After spending the past month together in the Tulsa Expo, Kyle Larson believes Kyle Busch would quickly take to driving a high level 410 Sprint Car and hopes to see it happen.
Busch made his debut in the Chili Bowl Midget Nationals, and has also spent the past two years racing Micro Sprints in Tulsa Shootout, combined with racing alongside 9-year-old son Brexton weekly at Millbridge Speedway in North Carolina.
The two-time Cup Series champion also showed well in his Chili Bowl debut, advancing from his F-feature starting spot to a corresponding D-Main.
“I am always pessimistic, glass half empty,” Busch told Sportsnaut. “So it’s fine. It was good. It was definitely a learning experience. I just wanted to show a little bit better. I felt like my learning experience here in just 40 laps that I got running yesterday and today running against the curb was a lot. And understand that a little bit more and keep working at it.”
How did this correlate to his expectations?
“Close. Little less,” Busch said. “My crew asked me what I thought I could do or reach. I thought C main would be respectable. Didn’t reach that. But it all came to yesterday, the qualifier not going the way I needed the qualifier to go. That would have helped us put in probably the B today. And that would have been overachieving expectations. So messed up on all that. But can’t say enough about Al, Lucas Oil, Floracing. Everybody that helped us here in Midgets.”
Larson went on to win the Chili Bowl but was paying attention to his fellow Cup Series champion and now tells broadcaster FloRacing that Busch should race a 410 Sprint.
“I’ve watched him on his Winged Micro and he is much better than that than he is in the Non-Wing,” Larson said. “So I’m like, man, a winged sprint car would fit him way better. Like, he would actually be really good, I think, in a wing sprint car because he understands aerodynamics and how to find clean air and stuff.
“He’s bigger so he could fit in a Sprint Car better.”
His sales pitch also included safety.
“I think there are guys that come in from pavement racing and they’re uneducated on dirt racing and they think that winged sprint cars are more dangerous than midgets and stuff.

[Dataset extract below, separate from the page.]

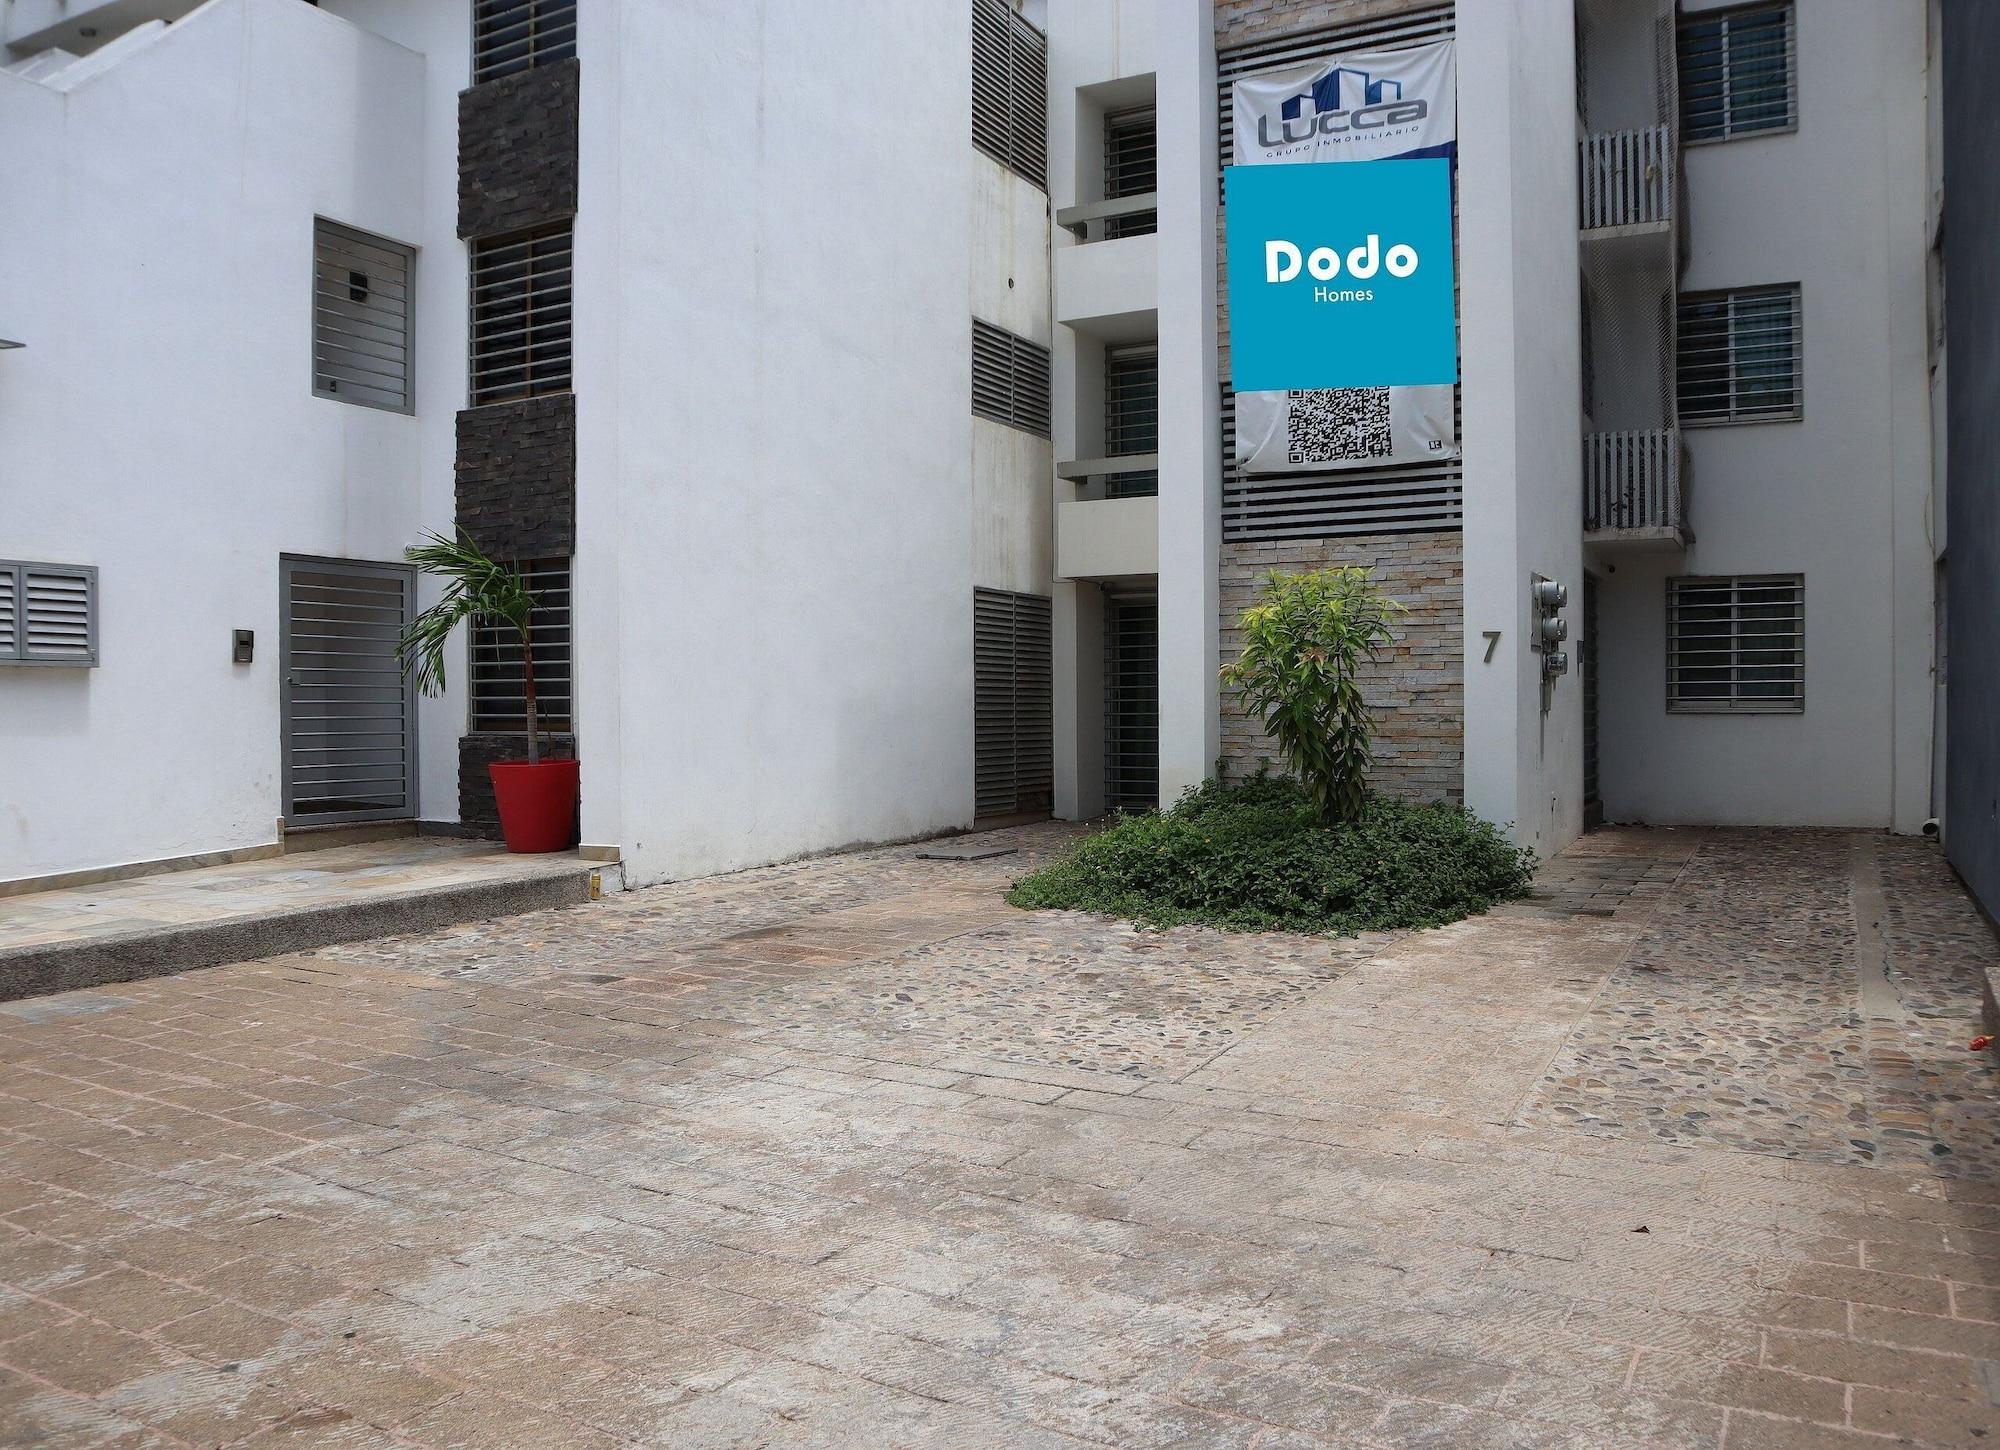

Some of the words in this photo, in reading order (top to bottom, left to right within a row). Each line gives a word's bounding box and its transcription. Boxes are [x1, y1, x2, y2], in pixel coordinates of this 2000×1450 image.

[1266, 145, 1311, 158] GRUPO
[1317, 125, 1420, 147] INMOBILIARIO
[1482, 631, 1502, 663] 7

But midgets are way more dangerous, I feel like, than winged sprint cars.
“So, that’s what I’ve also told him – there are safety features you can put on the car to help some things. So I would love to see him in a winged car.”
Larson, who co-owns the High Limit Series also referenced all the companion races his tour has with Cup Series races at Las Vegas Motor Speedway, Texas Motor Speedway and Lakeside near Kansas Speedway.
“I would love to see him at those events,” Larson said. “It’s just hard to find a good ride and I’m sure his budget’s probably close to maxed out with all the stuff that he is been buying for Brexton’s racing and his racing already.
“But, you know, maybe he will see him get some winged cars in the future.”